Eine Lösung von 48,6 g Endo-bicyclo[3,l,0]hex-2-en-6--carboxaldehyd der Formel 1,140,4 g 2,2-Dimethyl-l,3-pro-55 pandiol und 0,45 g Oxalsäure in 0,91 Benzol wird 4 Stunden am Rückfluss gekocht. Das azeotrop abdestillierte Wasser wird durch einen Wasserabscheider entfernt. Das Reaktionsgemisch wird abgekühlt, dann mit5%igerNatriumbicarbonat-lösung und mit Wasser gewaschen. Die benzolische Lösung 60 wird über Natriumsulfat getrocknet, zu einem Öl (93 g) eingeengt und bei vermindertem Druck destilliert.
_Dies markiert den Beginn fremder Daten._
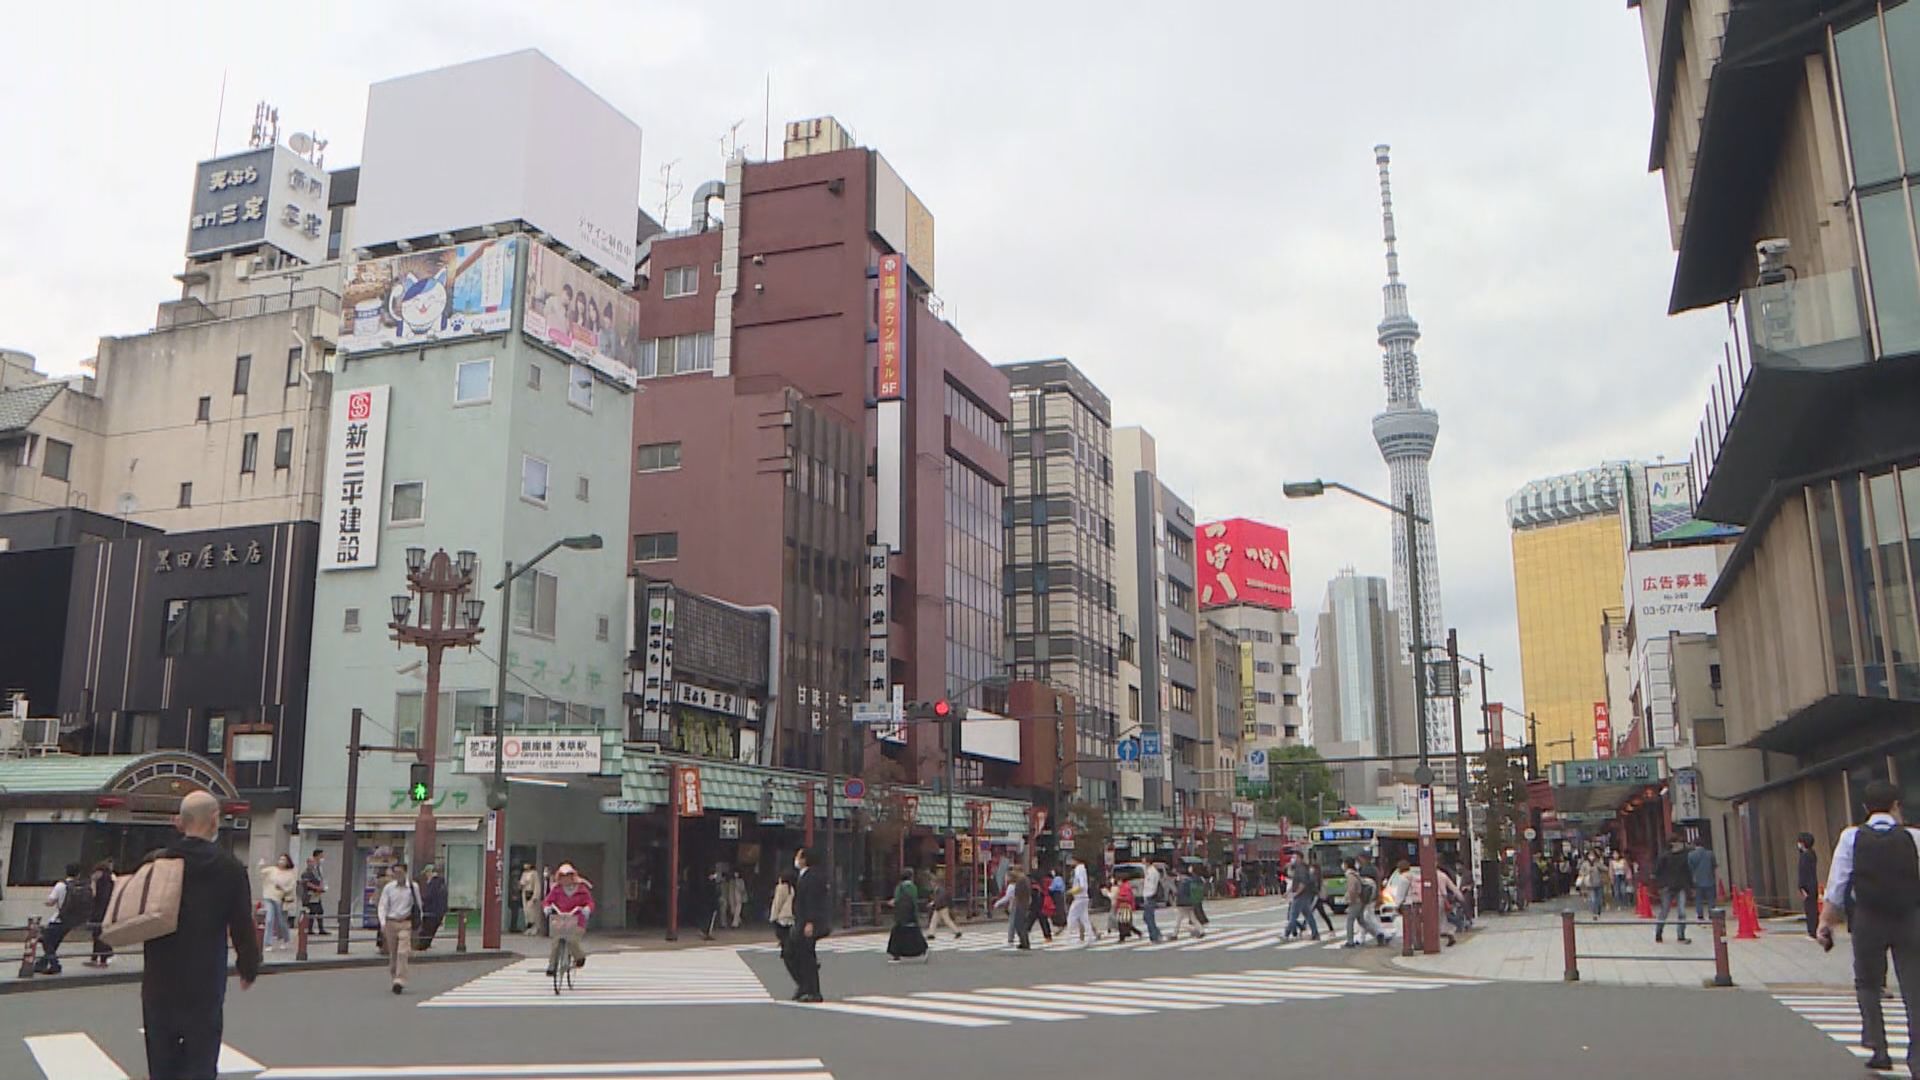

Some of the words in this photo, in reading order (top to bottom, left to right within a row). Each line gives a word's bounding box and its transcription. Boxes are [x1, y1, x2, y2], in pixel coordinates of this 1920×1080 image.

Die bei 0,4 mm bei 88-95°C siedende Fraktion besteht aus der gewünschten Titelverbindung, Ausbeute 57,2 g, Schmelzpunkt 53 bis 55°C, NMR-Peaks bei 0,66, 1,2, 3,42,3,93 und 5,6 8; IR-Absorption es bei 1595,1110, 1015,1005,990,965, 915 und 745 cm-i. A solution of 48.6 g of endo-bicyclo [3, 1,0] hex-2-en-6-carboxaldehyde of the formula 1,140.4 g of 2,2-dimethyl-1,3-pro-55 pandiol and 0, 45 g of oxalic acid in 0.91 benzene is refluxed for 4 hours. The azeotropically distilled water is removed by a water separator. The reaction mixture is cooled, then washed with 5% sodium bicarbonate solution and with water. The benzene solution 60 is dried over sodium sulfate, concentrated to an oil (93 g) and distilled under reduced pressure. The fraction boiling at 0.4 mm at 88-95 ° C consists of the desired title compound, yield 57.2 g, melting point 53 to 55 ° C, NMR peaks at 0.66, 1.2, 3.42.3 , 93 and 5.6 8; IR absorption at 1595, 1110, 1015, 1005, 990, 965, 915 and 745 cm-i.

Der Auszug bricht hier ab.